┌─ DATA FOR THIS TASK

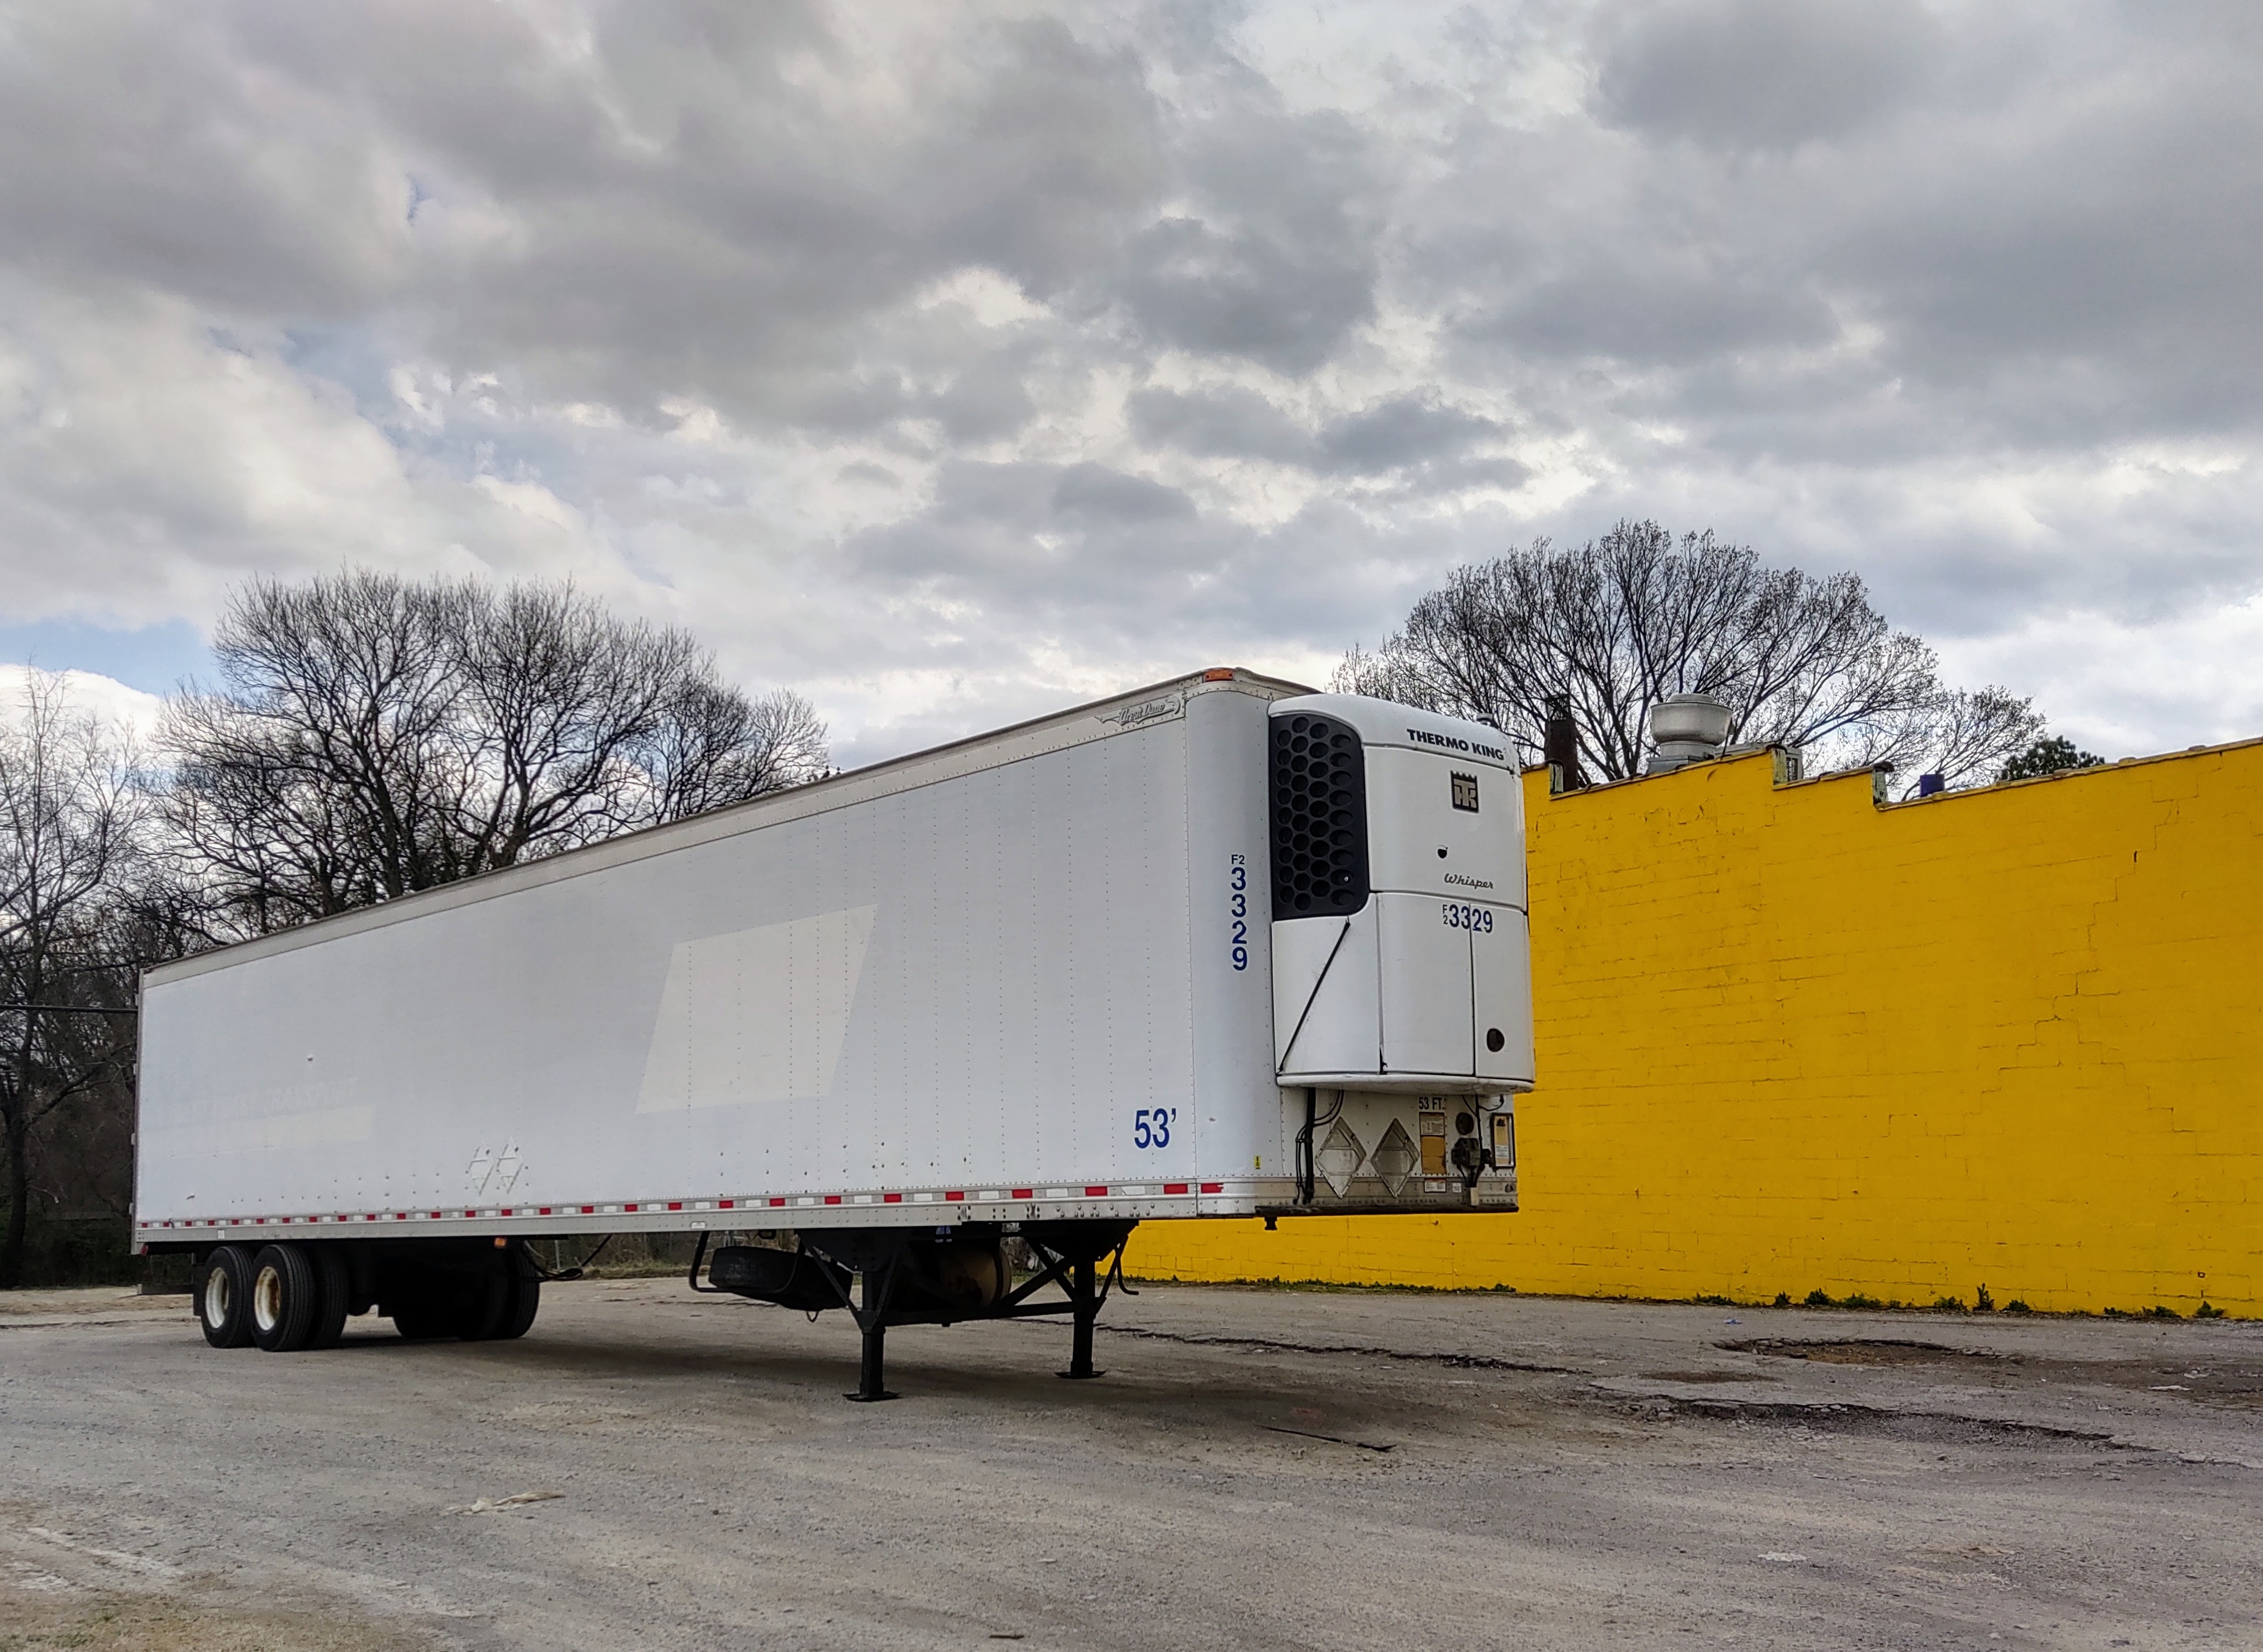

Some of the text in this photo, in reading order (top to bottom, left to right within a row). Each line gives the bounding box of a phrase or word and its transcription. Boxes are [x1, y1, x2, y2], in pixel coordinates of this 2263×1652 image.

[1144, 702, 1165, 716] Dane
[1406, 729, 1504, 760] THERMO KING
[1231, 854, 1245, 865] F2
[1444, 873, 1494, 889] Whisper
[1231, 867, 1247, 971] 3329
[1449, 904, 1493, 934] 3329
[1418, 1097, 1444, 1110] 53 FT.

└─

* _WHAT NEEDS TO BE DONE_
Your response must restate every record above exactly, with each picture omitted.

* _ANSWER FOR THIS EXERCISE_
Some of the text in this photo, in reading order (top to bottom, left to right within a row). Each line gives the bounding box of a phrase or word and its transcription. Boxes are [x1, y1, x2, y2], in pixel coordinates of this 2263×1652 image.

[1144, 702, 1165, 716] Dane
[1406, 729, 1504, 760] THERMO KING
[1231, 854, 1245, 865] F2
[1444, 873, 1494, 889] Whisper
[1231, 867, 1247, 971] 3329
[1449, 904, 1493, 934] 3329
[1418, 1097, 1444, 1110] 53 FT.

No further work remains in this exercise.